Para o Conselheiro Peru e a turma Grã-Fina, a Raposa sussurra: “Na minha opinião, o Doutor Galo tem tendências totalitárias definidas, está querendo se impor, nós podemos decidir se o céu está caindo ou não.”
Para os Patos e Gansos, sussurra: “Ei pessoal, ouvir dizer que o Doutor Galo deu pra beber agora, anda meio maluco.”
Todos os boatos passam a correr pelo galinheiro, até que a máxima de “O Doutor Galo já perdeu todo o prestígio” fica bem fixada na mente de boa parcela do galinheiro. Isto posto, bastava apenas convencer o herói, o pintinho ingênuo, Chicken Little, das suas qualidades de chefe (letra “d”).
Através da cerca a Raposa sussurra para Chicken Little: “Vamos! Não perca tempo, eles te obedecerão, você nasceu para ser chefe, vamos!”. Com o ego inflado Chicken Little vai até a praça e grita para todos: “Atenção, eu sou o novo Chefe, vou salvar vocês, vocês tem que me obedecer.”.
O Doutor Galo tenta, mais uma vez, impedir um pânico generalizado e afirma que o céu não está caindo, enquanto Chicken Little retruca dizendo que está caindo sim. A população do galinheiro fica no meio de tudo, sem mais dar tanta credibilidade as afirmações do Doutor Galo.
O Doutor Galo pede, então, para que Chicken Little provasse que o céu estava caindo (“Se o céu está caindo, por que ele não cai na minha cabeça?”). A Raposa Malandra, com toda sua sagacidade, do outro lado da cerca, pega outra estrela de madeira e a atira na cabeça do Doutor Galo, que cai inconsciente.
O pânico se generaliza, todos correm para Chicken Little perguntando o que fazer. Inocente como sempre foi, ele escuta a voz que estava além da cerca, ordenando, assim, uma fuga em massa para a gruta – onde lá esperava, enfim, a Raposa.
Desde as manifestações de Junho do ano passado, uma coisa silenciosa, dentro de mim, incomodava bastante.
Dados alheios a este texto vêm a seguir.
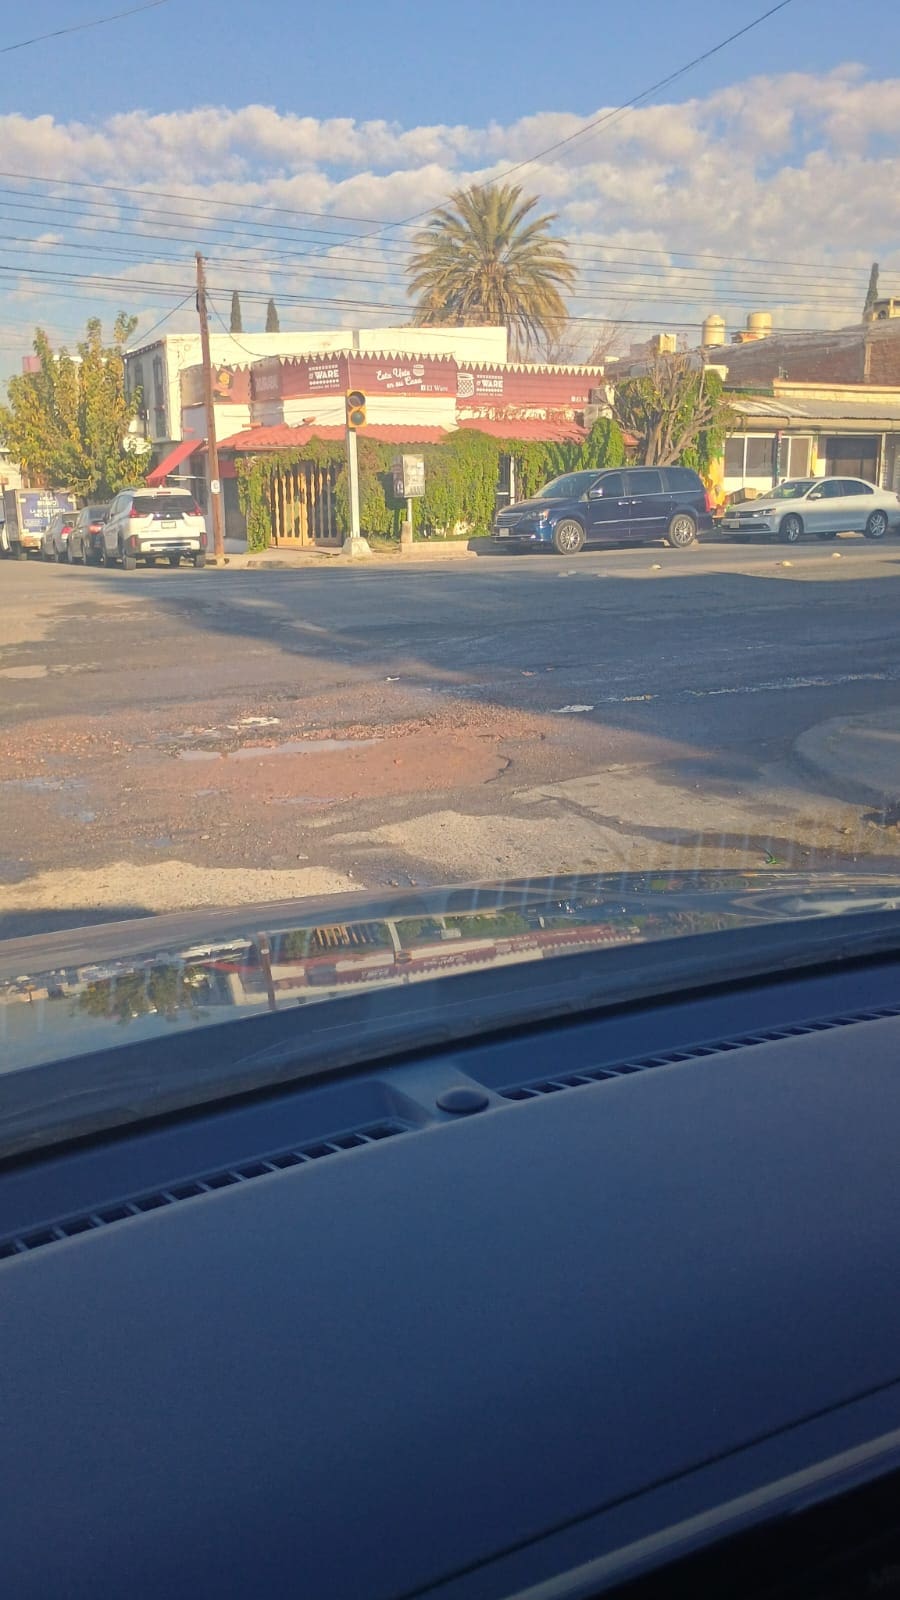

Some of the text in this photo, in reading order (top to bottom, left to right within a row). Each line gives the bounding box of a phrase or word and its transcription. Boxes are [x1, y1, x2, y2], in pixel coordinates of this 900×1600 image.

Na minha mente, os gritos de “sem partido”, as cenas de criminalização (ou melhor, de apartheid) dos movimentos sociais e coletivos ao longo das manifestações, quando foram obrigados a exercer seu direito de manifestação (por pautas sólidas, frise-se) em outro lugar – impedidos de ocuparem o mesmo espaço daquela população “sem partido” que se manifestava “Contra a corrupção” (até hoje me pergunto quem, em sã consciência, seria a favor) dentro da sua cordinha e zona de conforto –, continuaram ecoando até hoje.
O tempo passou e com o acirramento do processo eleitoral, o que vivi, especialmente nos últimos meses (e, especialmente, no dia de hoje), me fez recordar bastante o que li nos meus livros de história:
1) “Exaltação a bandeira nacional e suas cores” – e longe de mim não gostar do Brasil e não ter orgulho de ser brasileiro, assim como o tenho de ser Nordestino, Potiguar, Papa Jerimum e falar “painho”/”mainha”.
2) “Exaltação do hino nacional (geralmente cantado a plenos pulmões e em looping ad eternum).”
3) “Exaltação do dever de defender a pátria, de combate aos que ‘estão do outro lado’ ou que são ‘criminosos por compactuar com o governo Y’, ou, ainda, na visão de alguns formadores de opinião pública, são ‘coniventes, indiferentes, cúmplices ou alienados’[1].”
4) “Exaltação ao dever de combater o mal do comunismo/socialismo/marxismo/bolivarianismo (insira o seu termo predileto).”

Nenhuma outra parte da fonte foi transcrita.